今回の記事では、「IDS/IPS の運用」には欠かせないSyslogによる検知イベントのロギングについてご紹介します。SIEM連携といったSyslog管理の運用にあたってのイメージを持っていただければと思います!
脅威対策としての脅威検知のイベントログの確認など作業や運用ってなかなか楽な作業とは言い難いですよね。こうした運用にSyslogに多くの判断材料や検知情報が一度に含まれていたら、ログのフィルター作業や優先順位付けといった作業負荷を軽減していくことができます。VMware 分散IDS/IPS のSyslogによるロギングのメリットをできるだけ多く解説したいと思います。
過去の関連記事はこちら
- 特徴を解説!NSX 分散IDS/IPS でできる 新しい脅威への対策
- デモ解説!VMware NSX 分散IDS/IPS : 高度標的型攻撃の検知(IDS)と防御(IPS)をやってみる
- 動画で解説!どうやって設定するの?VMware NSX 分散IDS/IPS
- 動画で解説!シグネチャ更新と仮想パッチの運用手順 – VMware NSX 分散IDS/IPS
- NSX-T Data Center NSX 分散ファイアウォールとは – パート1
- NSX-T Data Center NSX 分散ファイアウォールとは – パート2
- SSL3.0 を 簡単にシャットアウト! NSX 分散ファイアウォール の L7 機能
- マイクロセグメンテーションの必要性、より頑丈なマイクロセグメンテーションの作り方
はじめに
NSX 分散FWや分散IPSの処置は、ESXi Hostで実行されます。また、それぞれの処理によるイベントログもHostで実行され、Sysylogの出力も ESXi Host から export されます。
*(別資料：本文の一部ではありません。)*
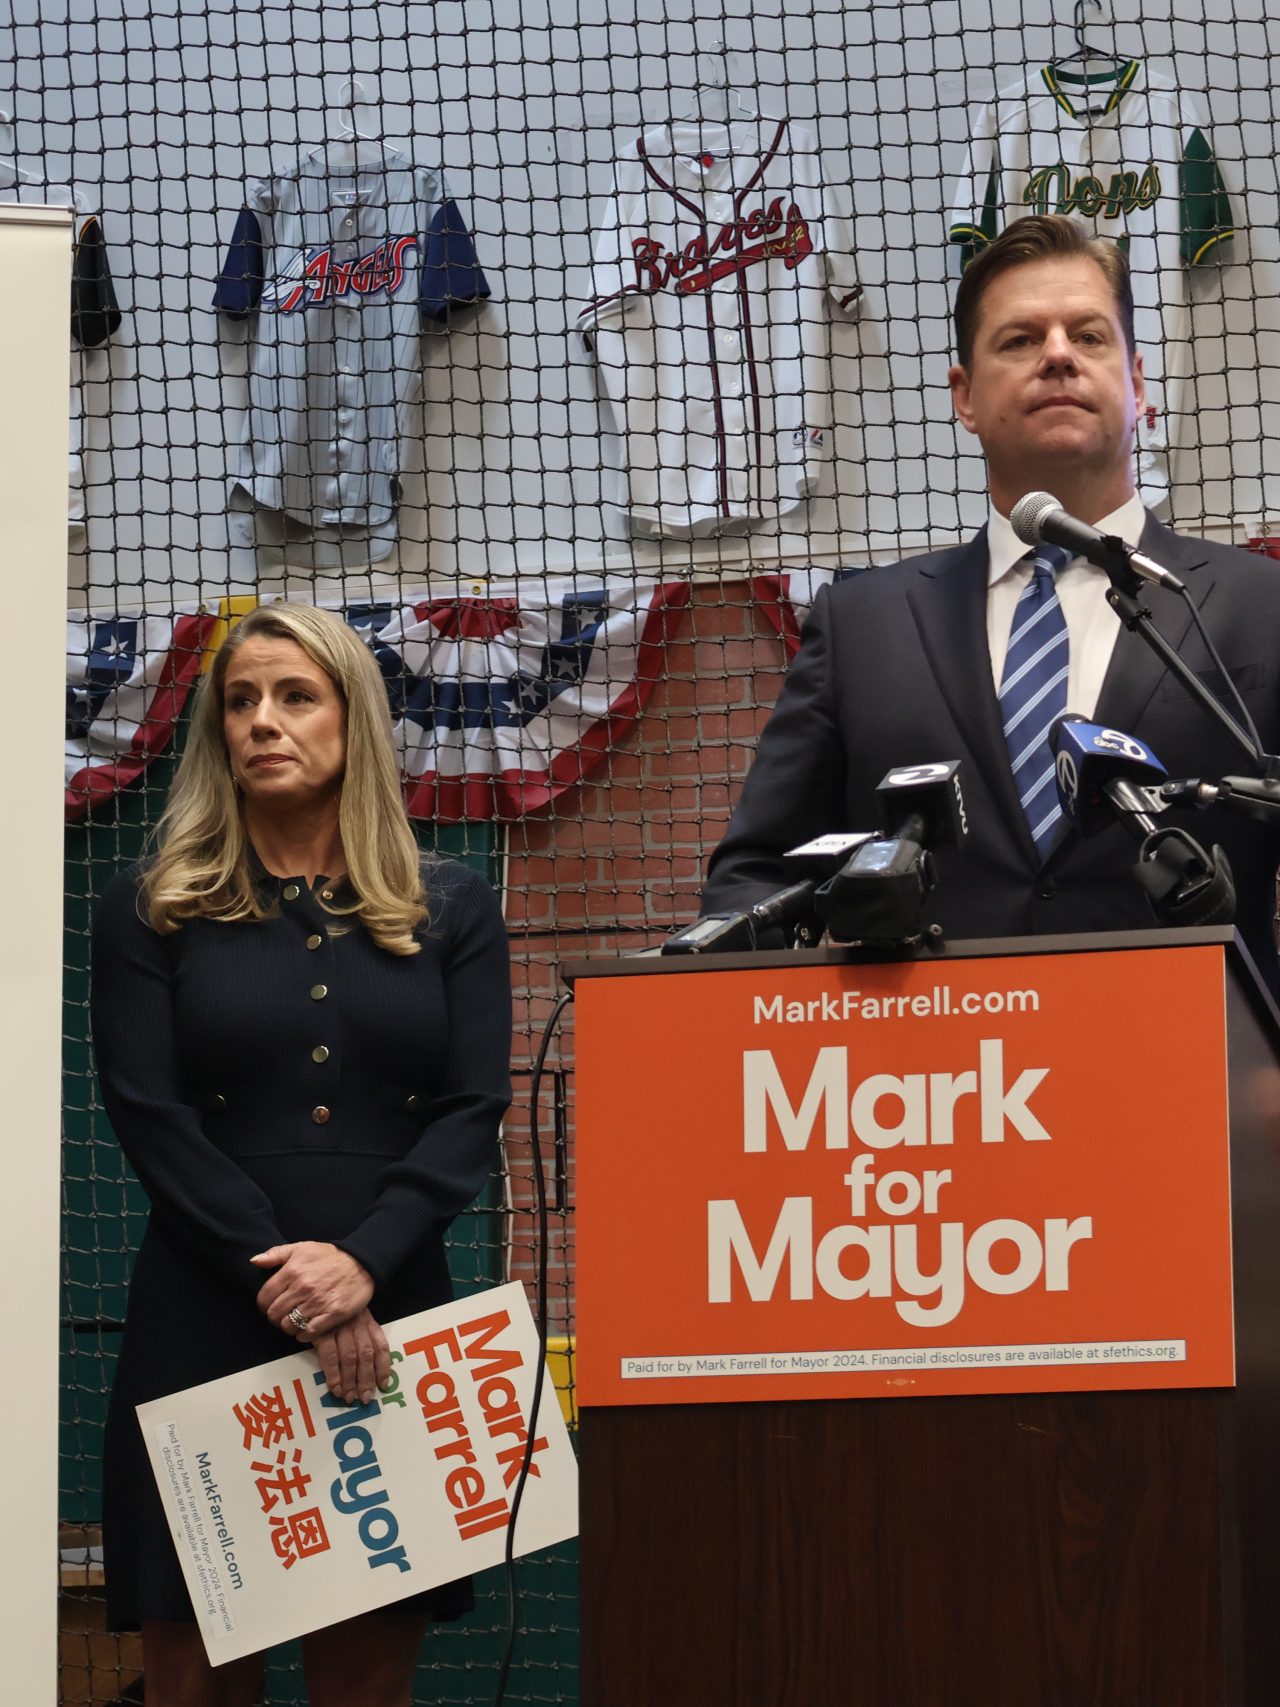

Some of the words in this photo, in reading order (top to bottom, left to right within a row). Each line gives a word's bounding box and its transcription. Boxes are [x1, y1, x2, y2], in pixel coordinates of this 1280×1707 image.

[632, 196, 786, 294] Braves
[753, 986, 1040, 1024] MarkFarrell.com
[743, 1038, 1052, 1153] Mark
[844, 1153, 952, 1217] for
[707, 1196, 1093, 1328] Mayor
[628, 1362, 654, 1373] Paid
[657, 1361, 675, 1372] for
[678, 1360, 692, 1374] by
[696, 1359, 726, 1371] Mark
[730, 1358, 767, 1370] Farrell
[770, 1357, 787, 1369] for
[792, 1357, 829, 1371] Mayor
[834, 1355, 867, 1367] 2024.
[872, 1352, 926, 1365] Financial
[930, 1352, 1001, 1364] disclosures
[1005, 1352, 1024, 1361] are
[1028, 1348, 1082, 1360] available
[1087, 1349, 1099, 1358] at
[1103, 1345, 1179, 1359] sfethics.org.
[457, 1309, 549, 1489] Mark
[165, 1423, 178, 1443] Paid
[171, 1444, 182, 1457] for
[403, 1327, 511, 1542] Farrell
[160, 1445, 183, 1497] disclosures
[172, 1458, 186, 1471] by
[179, 1471, 193, 1494] Mark
[232, 1385, 331, 1570] 麥法恩
[175, 1497, 186, 1512] are
[186, 1495, 202, 1523] Farrell
[195, 1451, 243, 1591] MarkFarrell.com
[179, 1513, 199, 1552] available
[195, 1523, 206, 1536] for
[191, 1553, 201, 1563] at
[195, 1537, 214, 1566] Mayor
[214, 1593, 233, 1632] Financial
そうしたデータプレーンでのSyslogはNSX Managerは関与せず、Hostに分散して実行できるため、VMware NSX-T は スケールアウトが可能な高いスケーラビリティを持った エンタープライズクラスの次世代FWに位置付けられています。
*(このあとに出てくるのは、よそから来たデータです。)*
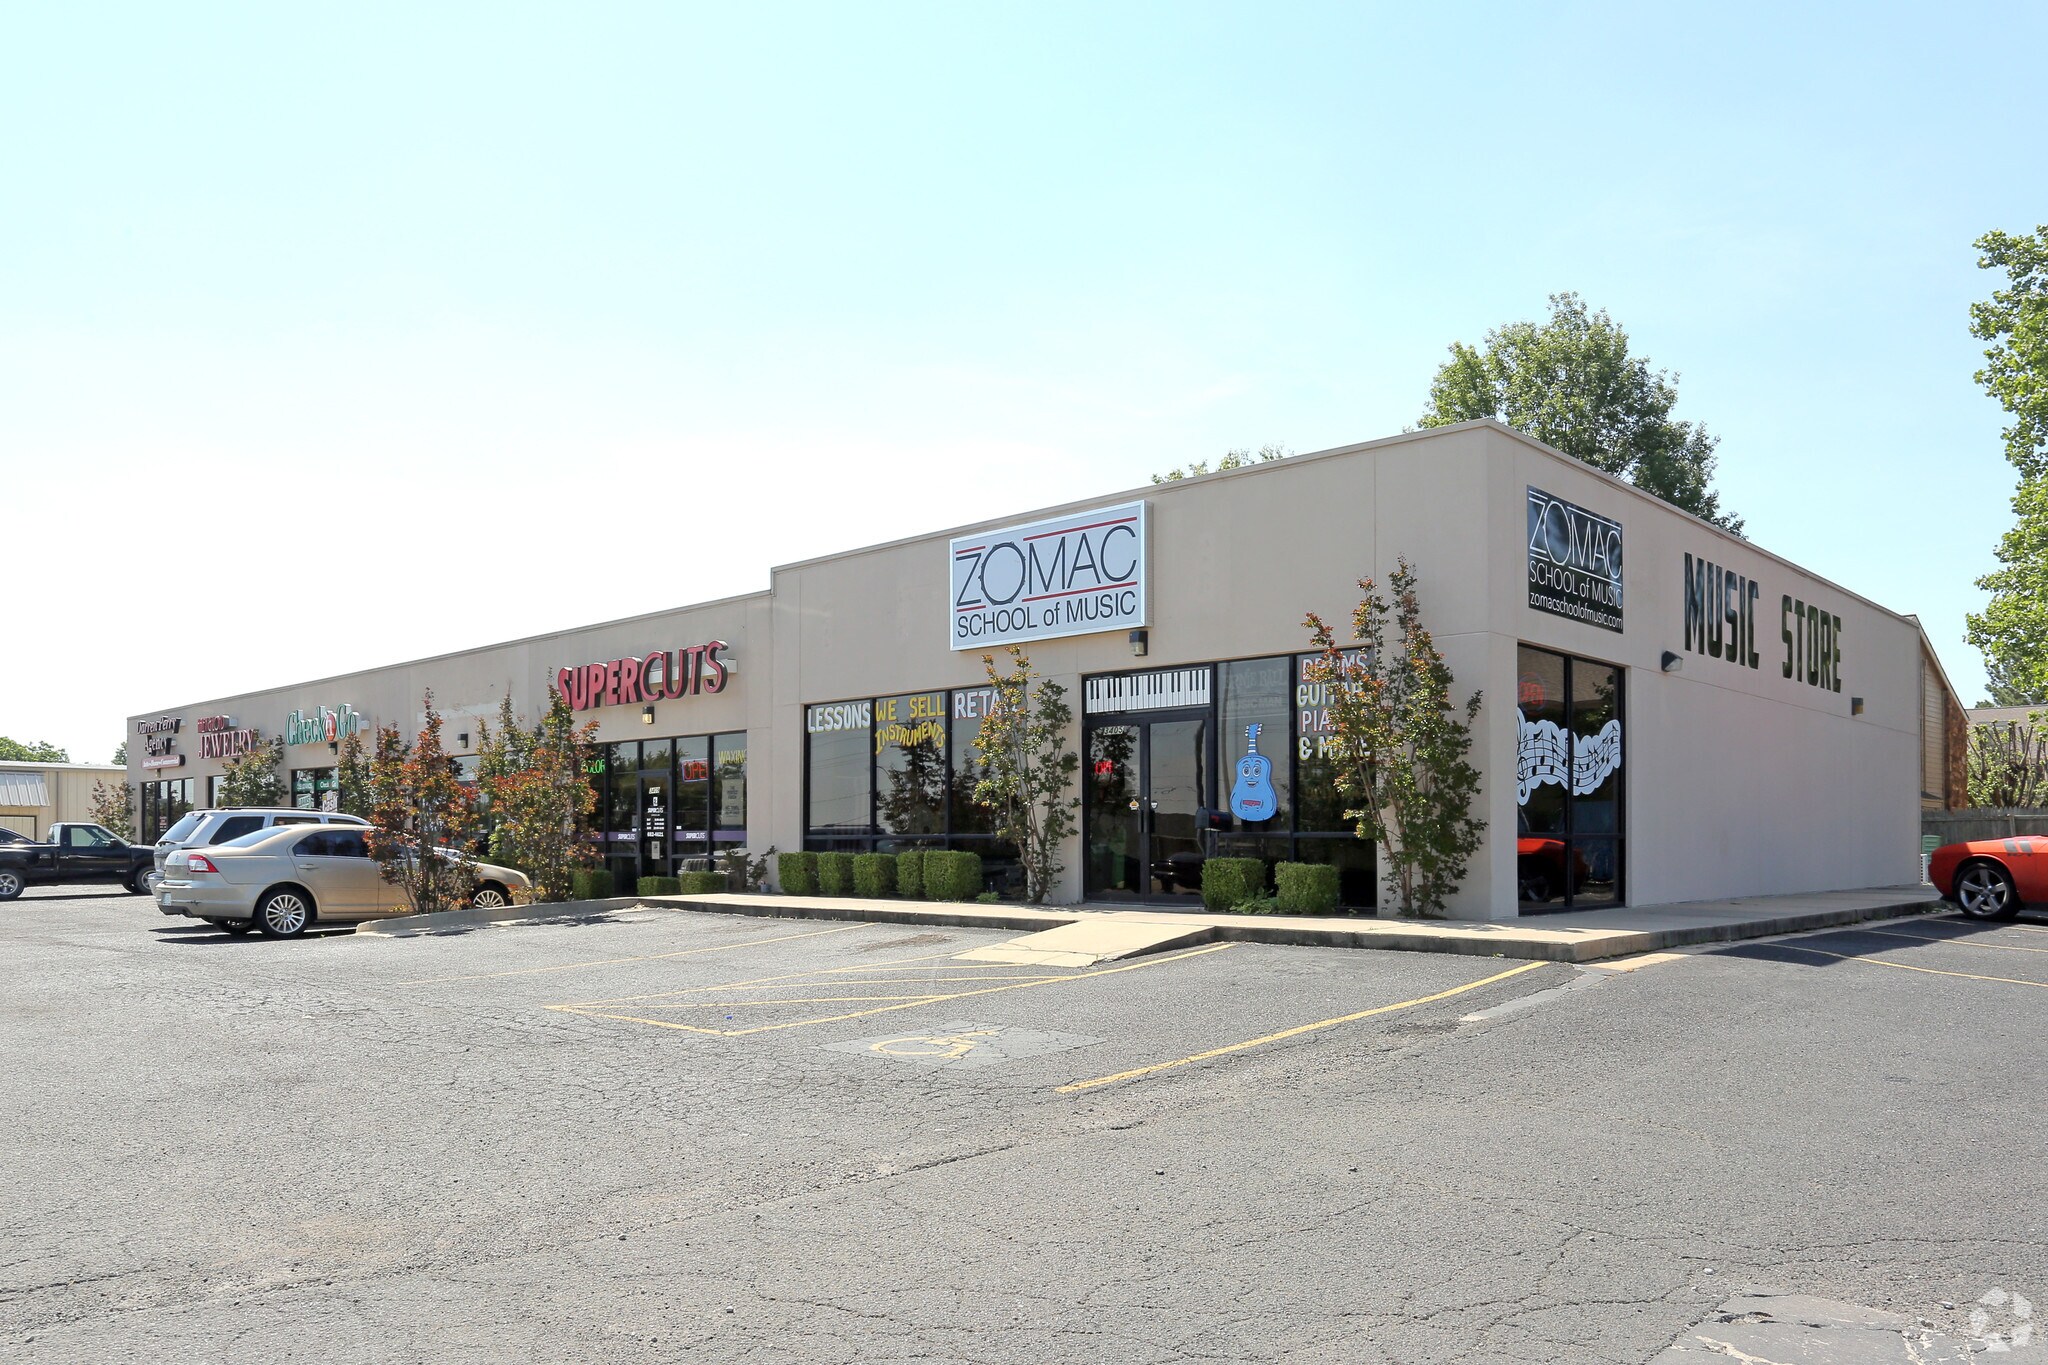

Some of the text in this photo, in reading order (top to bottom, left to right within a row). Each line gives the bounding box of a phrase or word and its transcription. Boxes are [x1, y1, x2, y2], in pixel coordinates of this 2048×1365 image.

以下に、ロギングを行う上で必要な設定をご紹介します。
1. ESXi Host の Syslog 設定
まずは、ESXi Host の Syslog 設定を行います。以下のVMware Docsが NSX-T 3.1 の場合でのSyslog設定手順になります。
2. 分散IDS/IPS ルールでSyslogの有効化
次は、Syslog (FIREWALL_PKTLOG ログ) を利用できるようにします。分散IDS/IPS ルール毎に、Syslog (FIREWALL_PKTLOG ログ) の有効化を選択することができます。各ルールの右端にある「歯車マーク」をクリックします。
「歯車マーク」をクリックし「ログの記録」を有効化することで、任意の分散IDS/IPS ルールのSyslog (FIREWALL_PKTLOG ログ) を出力させていくことができるようになります。
また、ここの設定ではこの分散IDS/IPS ルールでHitしたイベントのSyslog (FIREWALL_PKTLOG ログ) に、任意の文字列を加えることができる「ログラベル」という機能もあります。
ログ管理で抽出しやすいように、「ログラベル」でユニークな識別情報を加えておくと便利です。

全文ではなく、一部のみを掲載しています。